While the last chapter of Masterpieces, “The Power of Objects” is eclectic, one of the seemingly humbler objects highlighted – alongside the immensely famous Portland Vase, the Standard of Ur, the Black Obelisk of Shalmaneser and Hokusai’s ‘Under the Wave’ woodcut – is also one of the most poignant: a simple rag doll also from Roman Egypt, circa 1st-5th c AD and 19 cm long. It is of “coarse linen stuffed with rags and pieces of papyrus” and most simply decorated, essentially faceless but all the more meaningful.
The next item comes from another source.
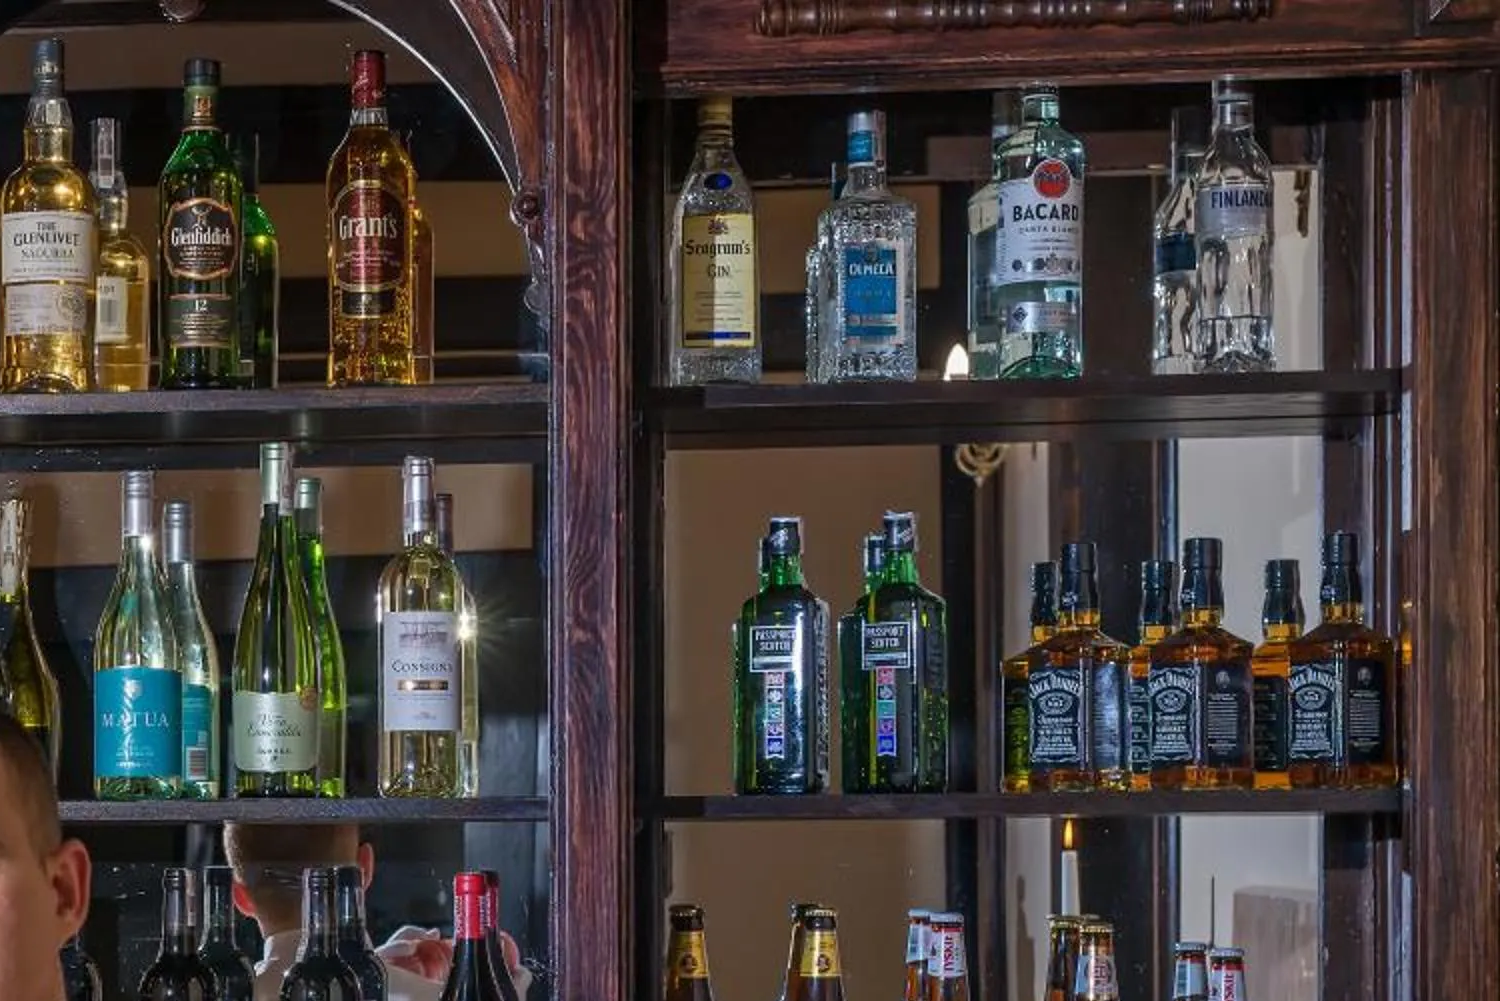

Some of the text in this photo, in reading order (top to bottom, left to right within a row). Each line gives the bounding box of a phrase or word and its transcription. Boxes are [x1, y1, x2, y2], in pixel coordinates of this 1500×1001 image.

Possibly profound because although seemingly not meant to last, it has ended up less ephemeral than its original human owner, a once warm-blooded child who is now dust. In the words of Shelley’s Ozymandias, “Look on my works, ye mighty, and despair.” Or at least, memento mori, be duly reminded of mortality and the accident of any posterity whatsoever. This is, of course, most illustrative of the responsibility of a great institution with a vast collection of human artefacts to always bow to the Muse of History, the inspiration of all museums.